Wednesday, August 21, 2013

Discovering Characters: A Proper Introduction

I’ve mentioned before that I have been having difficulty with my current middle grade project. I’ve realized that my stopping point boils down to, “Now what would that character say?” or “What else would this character do?” But I don’t have any good answers. I’ve re-written and brainstormed and re-written again only to figure out that I don’t know my characters well enough. I’ve read books, attended conferences, looked online and read in my genre. I’ve filled out character questionnaires and done character interviews, but even then I ask myself, “Well, how am I supposed to know what my character has in his pocket?” or “I have no idea what she would say about her best friend.” Every answer I come up with feels forced and doesn’t help me get any closer to understanding my character.
Recently a friend of mine and member of my critique group, Heather Clark, attended WIFYR and went to a class taught by Martine Leavitt that changed her life and as a result, mine.
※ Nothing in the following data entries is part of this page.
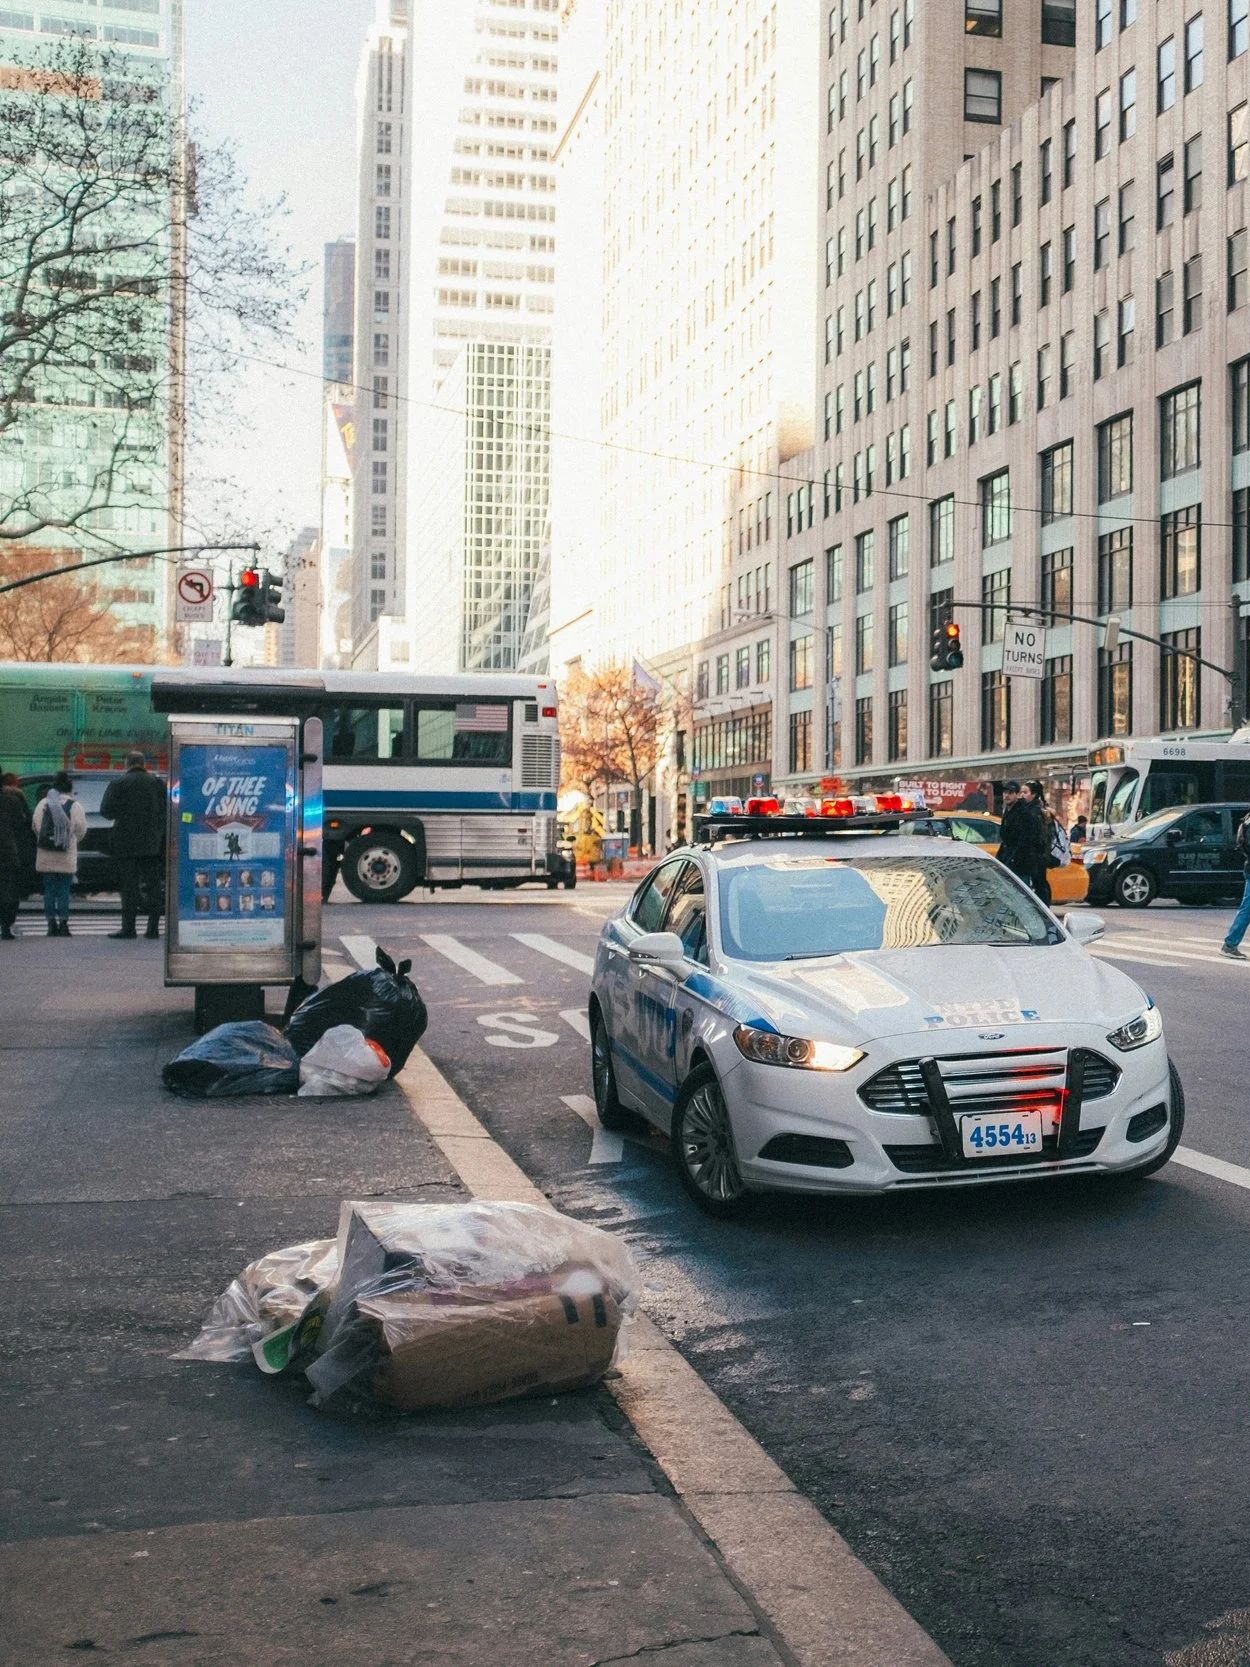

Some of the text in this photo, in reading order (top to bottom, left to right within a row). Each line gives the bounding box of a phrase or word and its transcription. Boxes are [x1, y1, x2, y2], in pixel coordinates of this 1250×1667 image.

[1015, 632, 1036, 647] NO
[1005, 650, 1043, 665] TURNS
[215, 724, 255, 735] TITAN
[1163, 748, 1186, 756] 6698
[202, 776, 267, 796] OF THEE
[940, 782, 967, 790] FIGHT
[940, 789, 965, 797] LOVE
[205, 796, 259, 817] I SING
[924, 1010, 1041, 1028] POLICE
[969, 1123, 1037, 1148] 4554 13
You absolutely have to read her recent blog about it on Real Writer’s Write. In using the “Mechanics of Desire.” I’ve finally grasped the question that has alluded me for years: How do I develop my character?  
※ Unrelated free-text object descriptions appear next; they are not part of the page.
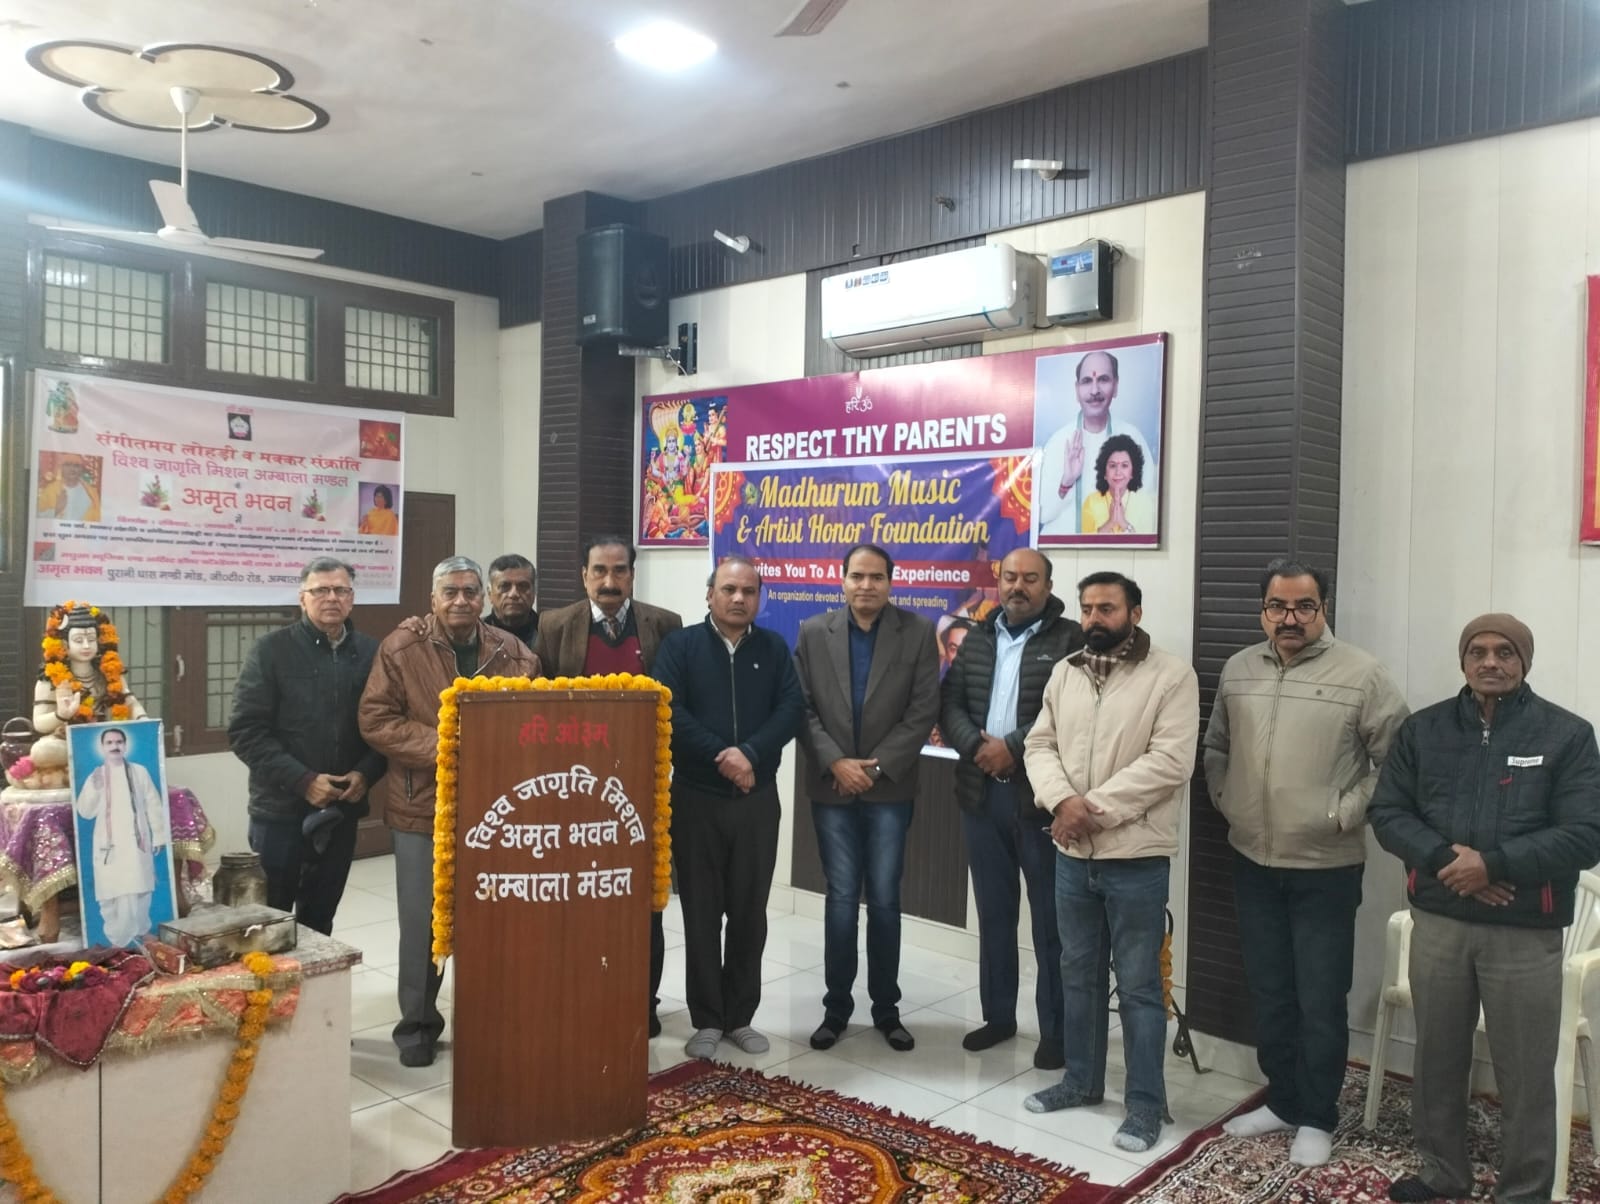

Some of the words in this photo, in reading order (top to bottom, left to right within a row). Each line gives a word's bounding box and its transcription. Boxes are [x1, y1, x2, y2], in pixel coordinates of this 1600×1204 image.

[96, 431, 176, 454] संगीतमय
[746, 429, 836, 461] RESPECT
[842, 424, 888, 455] THY
[894, 413, 1007, 451] PARENTS
[112, 450, 149, 470] विश्व
[154, 457, 201, 477] जागृति
[206, 460, 248, 480] मिशन
[253, 469, 307, 485] अम्बाला
[182, 487, 238, 513] अमृत
[245, 492, 292, 512] भवन
[759, 475, 881, 508] Madhurum
[888, 469, 961, 505] Music
[737, 514, 752, 543] &
[755, 513, 803, 546] Artist
[808, 513, 865, 544] Honor
[870, 512, 990, 544] Foundation
[38, 564, 69, 577] अमृत
[754, 562, 781, 577] vites
[785, 563, 806, 578] You
[809, 564, 824, 578] To
[827, 565, 836, 578] A
[892, 566, 970, 584] Experience
[768, 589, 776, 600] An
[778, 590, 814, 603] organization
[815, 591, 837, 603] devoted
[898, 595, 911, 606] and
[912, 597, 948, 611] spreading
[465, 795, 516, 849] विश्व
[513, 764, 599, 799] जागृति
[600, 776, 646, 845] मिशन
[500, 823, 561, 859] अमृत
[568, 819, 619, 848] भवन
[474, 872, 570, 902] अम्बाला
[577, 861, 633, 898] मंडल
In recent brainstorming sessions I’ve started with a miniscule idea of who my characters are (on both sides of the coin--protagonist and antagonist). Then to flesh them out I’ve started a document for each main character. I write a separate line for each aspect of my character and fill in:
Emotional Desire
Concrete Desire
Controlling Beliefs
Announced Strategies
By doing this I really get into the character’s head. I understand who they are and why. From here, any quirks they have, skills they have, or objects in their pockets only make the character that much deeper. By understanding my characters desires and motivations, I can easily go from one scene to the next, which is where my other plotting resources (Dan Well’s Seven Point Plot Structure and Craig Nybo’s “How to Write a Novel”) will come in handy.

I have come farther in brainstorming this particular version of my story than I have ever been before, just through fleshing out the characters. I think that once I’m done figuring out my main characters the rest will come. I can’t wait to write “The End” on this first version of my story and get back into editing. Have fun discovering your characters and bringing them to life. I know I will!